According to Walker McKay, a salesperson’s actions, attitude, and approach can lead to digital improvements. What should those actions look like? What characteristics do you need to embrace? What approaches are successful? Walker McKay answers these questions—and more—in this episode of Sales Reinvented. 

Outline of This Episode

  • [0:53] The difference between digital and social selling
  • [2:07] Improve digital selling with your actions, attitude, and approach
  • [3:37] Walker’s ideal digital selling blueprint
  • [5:26] The attributes or characteristics of a great digital seller
  • [7:27] Tools, techniques, or strategies to improve digital sales
  • [8:42] Top 3 digital selling dos and top 3 digital selling don’ts
  • [11:04] Digital selling opens up a whole new world

Actions, attitude, and approach = digital improvement

Digital selling is important because it’s nearly impossible to get face-to-face with people anymore. People are working from home and you can’t just show up at their “office.” So you have to find other ways to connect with people and hold conversations. Organizations need to create expected behaviors around digital selling regarding:

  1. The actions you take
  2. The attitude you have
  3. The approach that you take

You have to start with the actions. What is the expected behavior? How many LinkedIn posts should somebody do? How many times should you reach out per week? Companies need to get comfortable that this is the way things are being done. So it’s time to build behaviors around getting appointments via text, phone, social media, and video. 

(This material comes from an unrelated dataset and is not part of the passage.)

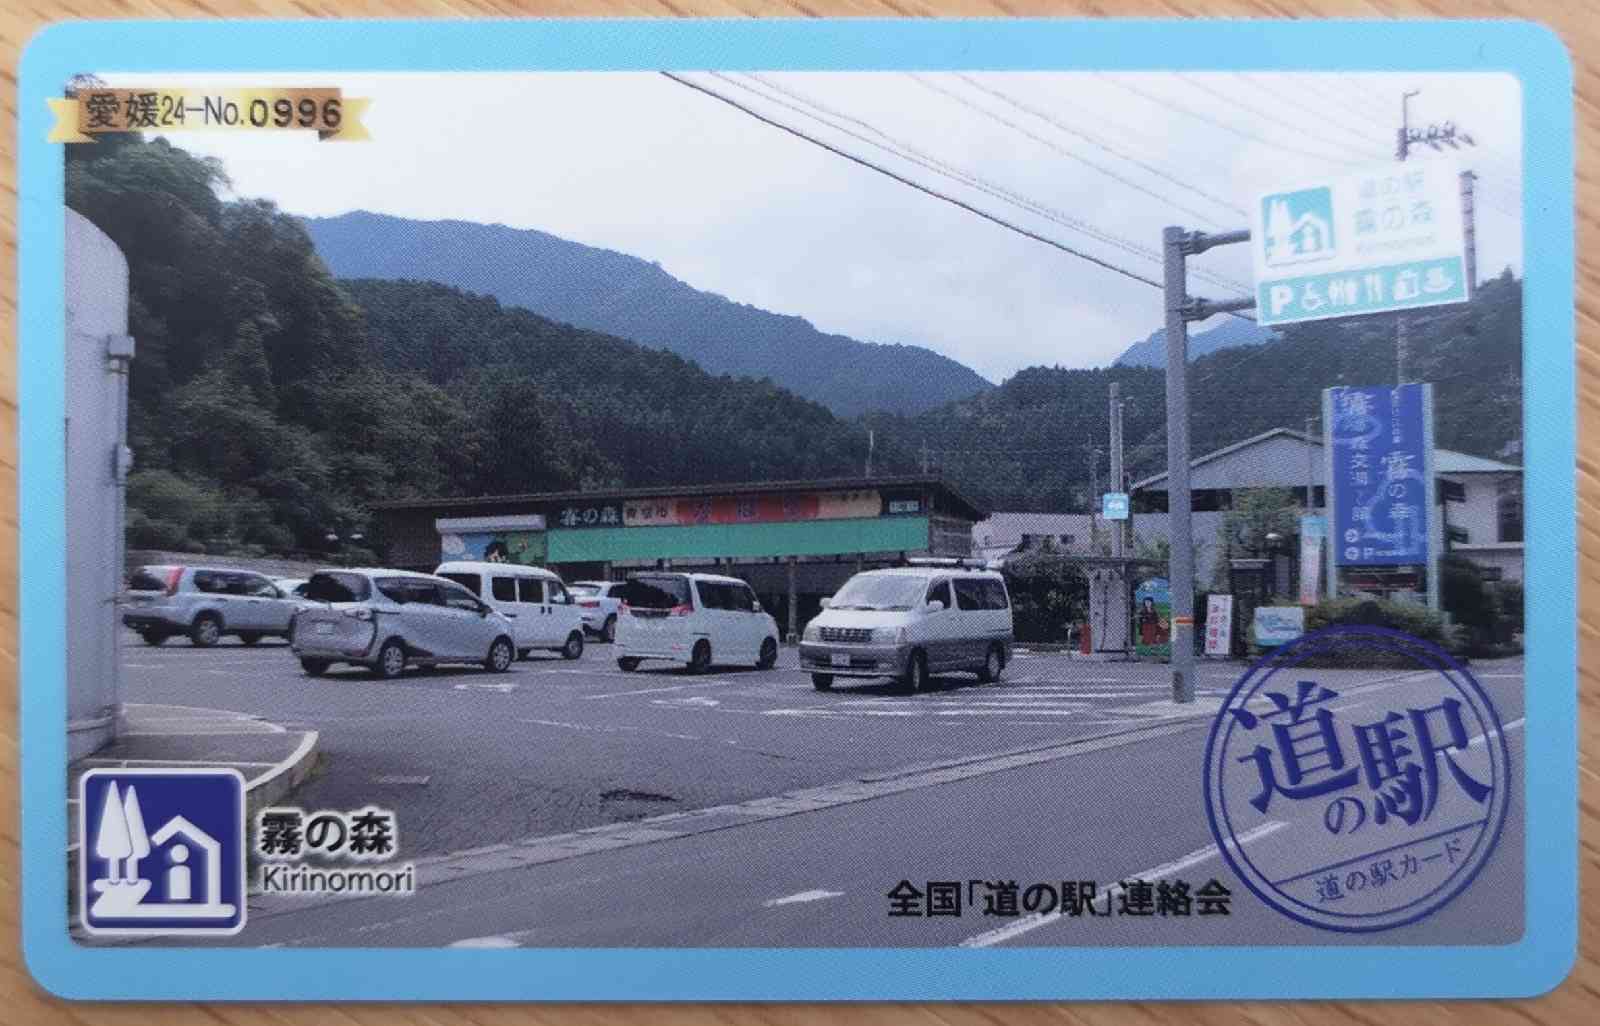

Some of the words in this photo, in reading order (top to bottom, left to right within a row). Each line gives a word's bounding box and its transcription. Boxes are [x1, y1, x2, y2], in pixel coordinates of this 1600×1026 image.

[260, 810, 394, 855] 霧の森
[262, 866, 414, 892] Kirinomori
[1315, 839, 1465, 902] 道の駅カード
[887, 880, 1233, 917] 全国「道の駅」連絡会

Walker’s ideal digital selling blueprint

Where should you go to find business? If it’s on LinkedIn, you can download your connections onto a spreadsheet. You can match it with your client list and make sure you’re connected with people you’re already doing business with. 

Secondly, Walker would take that list and look for some low-hanging fruit you hadn’t talked to yet. How will you get in touch with them? You can send LinkedIn messages, DMs, text messages, phone calls, and emails. You need to touch people 6–7 times using different channels to get their attention. The goal is to set an appointment, right? Set a meeting over Zoom or a similar channel. 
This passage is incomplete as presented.